* * *
Следователь уголовного розыска Геннадий Ругин, высокий парень лет двадцати шести, со светлыми волосами, обильно сдобренными по новоявленной заморской моде гелем, смотрел на Позднякова с долготерпением психиатра, привыкшего к чудачествам и закидонам своих пациентов. Николай Степанович, ощущая нечто вроде озноба и слабости после бессонной, полной мучительных размышлений и кошмаров ночи, излагал накопившиеся в нем сомнения относительно загадочных обстоятельств смерти Ларисы Кривцовой. Молодой сыщик только меланхолично постукивал тщательно отточенным карандашом по полированной столешнице. Но вот Поздняков умолк, и следователю волей-неволей пришлось что-то произносить.
- Итак, вы… - Ругин заглянул в свои бумаги, - Николай Степанович, утверждаете, что покойная Кривцова предчувствовала свою смерть?
- Я бы сказал, что она боялась внезапной смерти.
- Понятно, - протянул следователь неопределенным тоном, - но, если я вас правильно понял, напрямую она не заявляла, что боится именно убийства, и не рассказывала, что ей кто-то угрожал.
- Нет, - покачал головой Поздняков. Действительно, так определенно Лариса не выражалась, хотя теперь он был уверен: хотела сказать именно это.

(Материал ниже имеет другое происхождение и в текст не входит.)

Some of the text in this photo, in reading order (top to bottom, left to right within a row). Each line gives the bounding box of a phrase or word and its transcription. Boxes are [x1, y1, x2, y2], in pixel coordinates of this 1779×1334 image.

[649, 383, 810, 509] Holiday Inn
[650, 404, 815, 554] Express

- Что ж, тогда это только подтверждает версию самоубийства, - опять постучал карандашом по столу Ругин и добавил, точно выстрелил: - Вы знаете, что у нее был рак?
- Что?! - Поздняков невольно привстал со стула. - При вскрытии обнаружилось?
- Это явствует из показаний гражданки Шихт, близкой подруги покойной, - заявил следователь нарочито официальным тоном, в котором Позднякову послышалась скрытая издевка. - Кривцова незадолго до смерти узнала о болезни и поделилась печальной новостью с гражданкой Шихт. При этом она была сильно расстроена, плакала… Поэтому в ее предчувствии, я думаю, нет ничего сверхъестественного. Знаете, сколько людей с подобным диагнозом, не желая мучительной агонии, добровольно уходят из жизни? Когда, кстати, она высказывала вам свои опасения?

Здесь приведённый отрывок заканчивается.